_WORK TO COMPLETE_:
The records below are to be reproduced exactly, with the pictures left out.

_EXCERPTED RECORDS_:
····················
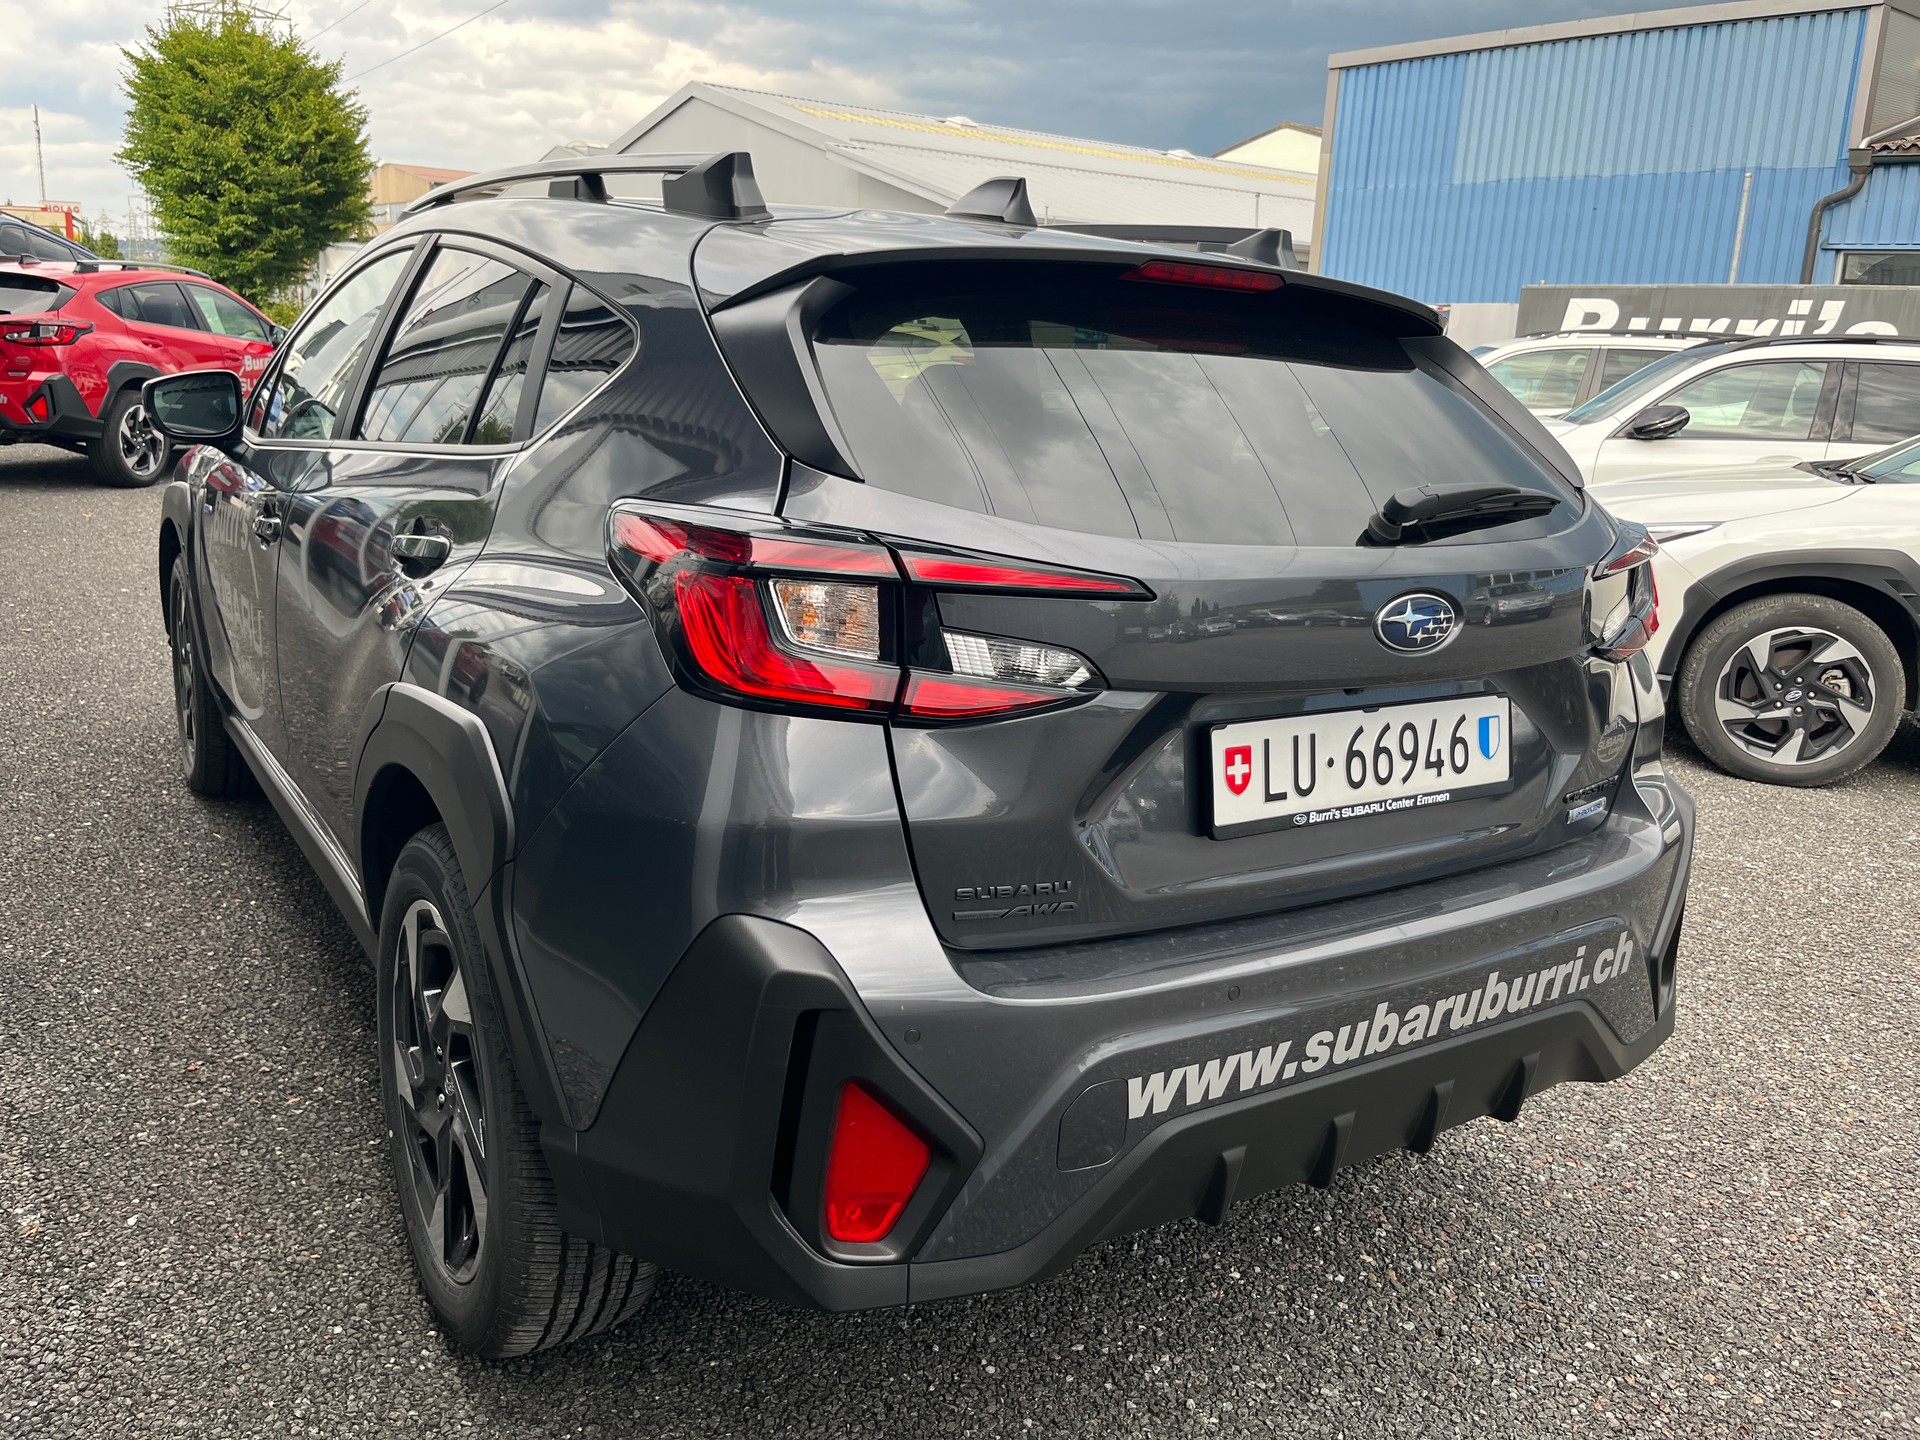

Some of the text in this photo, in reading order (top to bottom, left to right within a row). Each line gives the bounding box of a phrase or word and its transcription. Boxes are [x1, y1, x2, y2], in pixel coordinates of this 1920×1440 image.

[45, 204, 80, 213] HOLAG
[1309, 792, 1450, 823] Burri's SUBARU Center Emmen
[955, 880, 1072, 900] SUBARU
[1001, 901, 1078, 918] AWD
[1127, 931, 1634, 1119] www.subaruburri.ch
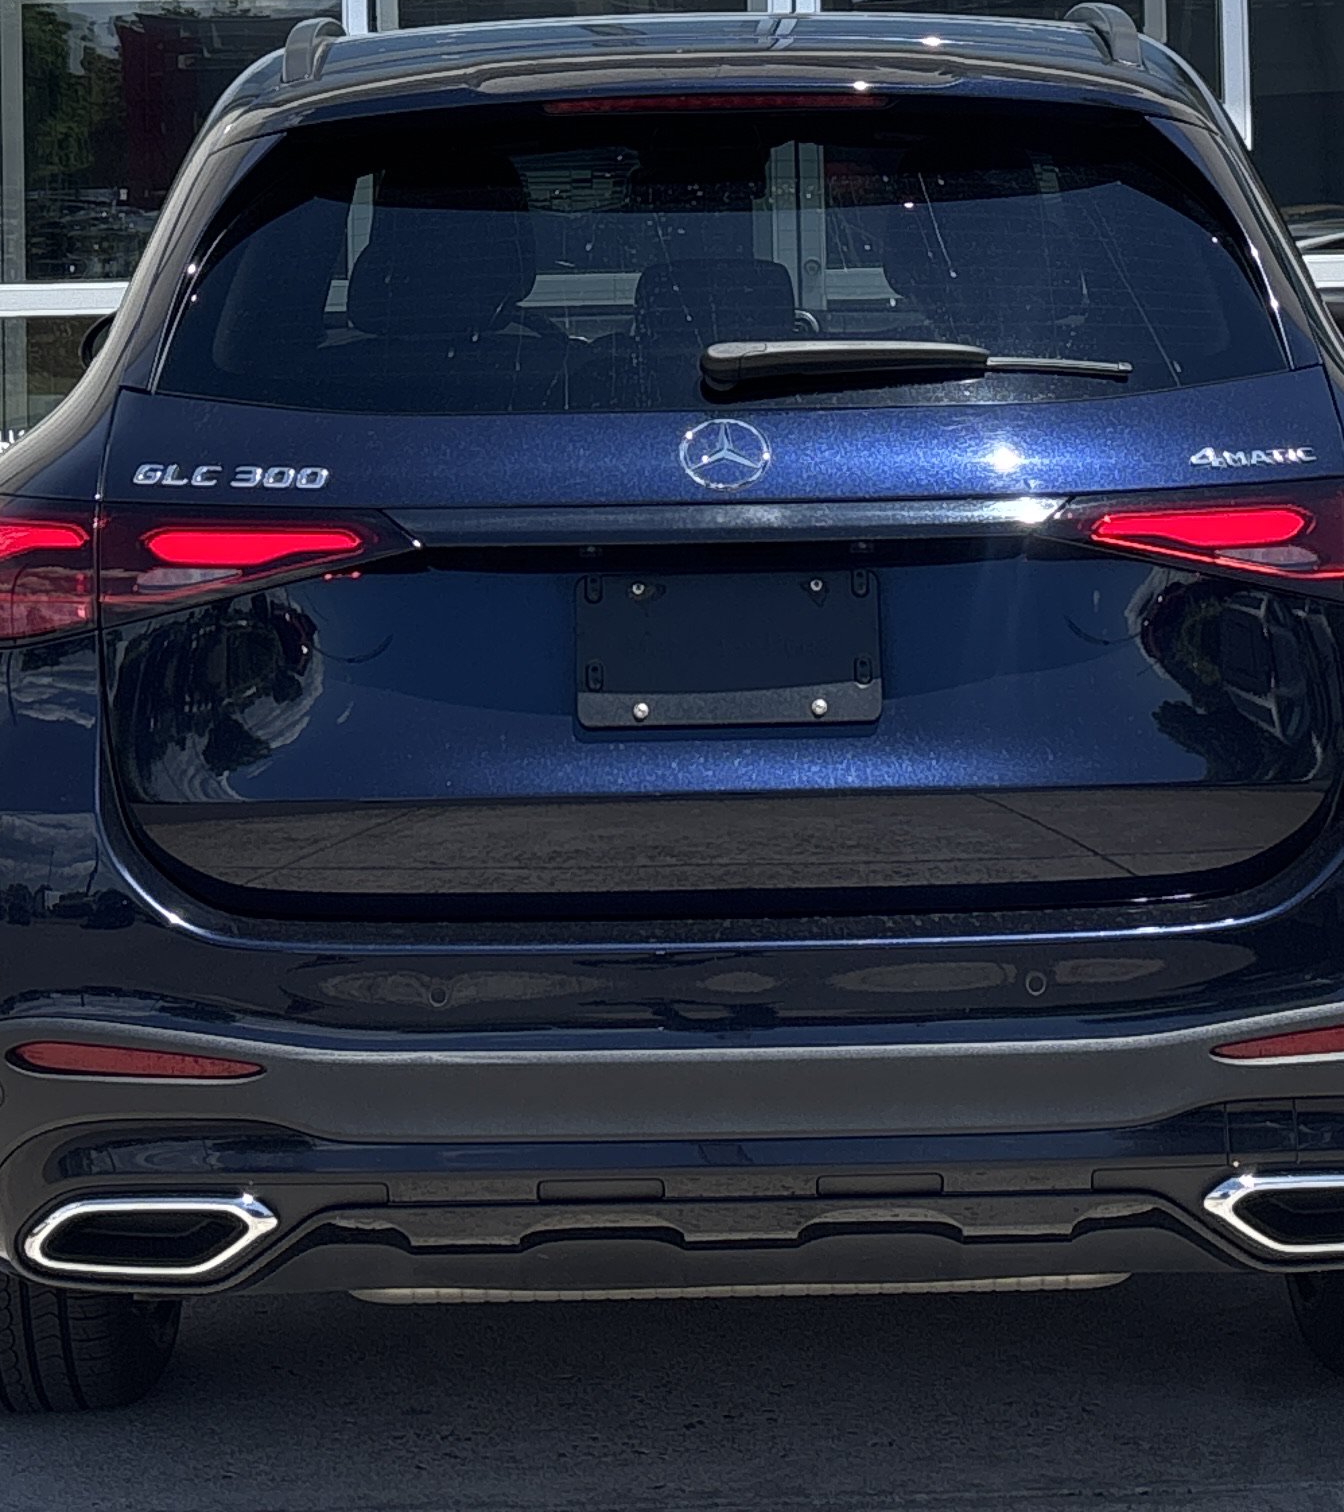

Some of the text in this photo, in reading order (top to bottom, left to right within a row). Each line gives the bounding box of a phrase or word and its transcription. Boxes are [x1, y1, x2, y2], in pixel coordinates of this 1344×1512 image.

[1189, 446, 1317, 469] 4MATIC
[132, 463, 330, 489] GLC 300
····················
_RESULT BELOW_:
Some of the text in this photo, in reading order (top to bottom, left to right within a row). Each line gives the bounding box of a phrase or word and its transcription. Boxes are [x1, y1, x2, y2], in pixel coordinates of this 1920×1440 image.

[45, 204, 80, 213] HOLAG
[1309, 792, 1450, 823] Burri's SUBARU Center Emmen
[955, 880, 1072, 900] SUBARU
[1001, 901, 1078, 918] AWD
[1127, 931, 1634, 1119] www.subaruburri.ch

Some of the text in this photo, in reading order (top to bottom, left to right within a row). Each line gives the bounding box of a phrase or word and its transcription. Boxes are [x1, y1, x2, y2], in pixel coordinates of this 1344×1512 image.

[1189, 446, 1317, 469] 4MATIC
[132, 463, 330, 489] GLC 300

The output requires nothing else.